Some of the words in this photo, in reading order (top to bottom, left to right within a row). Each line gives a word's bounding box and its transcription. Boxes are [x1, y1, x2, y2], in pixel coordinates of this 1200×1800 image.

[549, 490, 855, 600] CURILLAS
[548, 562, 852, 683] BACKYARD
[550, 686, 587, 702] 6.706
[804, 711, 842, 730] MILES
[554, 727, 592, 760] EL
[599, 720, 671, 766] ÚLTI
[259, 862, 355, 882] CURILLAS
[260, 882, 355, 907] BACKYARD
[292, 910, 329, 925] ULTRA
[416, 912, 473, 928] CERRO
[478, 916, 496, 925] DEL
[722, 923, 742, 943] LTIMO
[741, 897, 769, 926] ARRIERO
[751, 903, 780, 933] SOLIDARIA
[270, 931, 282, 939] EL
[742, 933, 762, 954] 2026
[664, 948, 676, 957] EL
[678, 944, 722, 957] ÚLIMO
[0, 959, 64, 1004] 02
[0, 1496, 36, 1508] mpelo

### Work order:
Set down the full listing. Keep every line exact.

### Written answer:
Some of the words in this photo, in reading order (top to bottom, left to right within a row). Each line gives a word's bounding box and its transcription. Boxes are [x1, y1, x2, y2], in pixel coordinates of this 1200×1800 image.

[549, 490, 855, 600] CURILLAS
[548, 562, 852, 683] BACKYARD
[550, 686, 587, 702] 6.706
[804, 711, 842, 730] MILES
[554, 727, 592, 760] EL
[599, 720, 671, 766] ÚLTI
[259, 862, 355, 882] CURILLAS
[260, 882, 355, 907] BACKYARD
[292, 910, 329, 925] ULTRA
[416, 912, 473, 928] CERRO
[478, 916, 496, 925] DEL
[722, 923, 742, 943] LTIMO
[741, 897, 769, 926] ARRIERO
[751, 903, 780, 933] SOLIDARIA
[270, 931, 282, 939] EL
[742, 933, 762, 954] 2026
[664, 948, 676, 957] EL
[678, 944, 722, 957] ÚLIMO
[0, 959, 64, 1004] 02
[0, 1496, 36, 1508] mpelo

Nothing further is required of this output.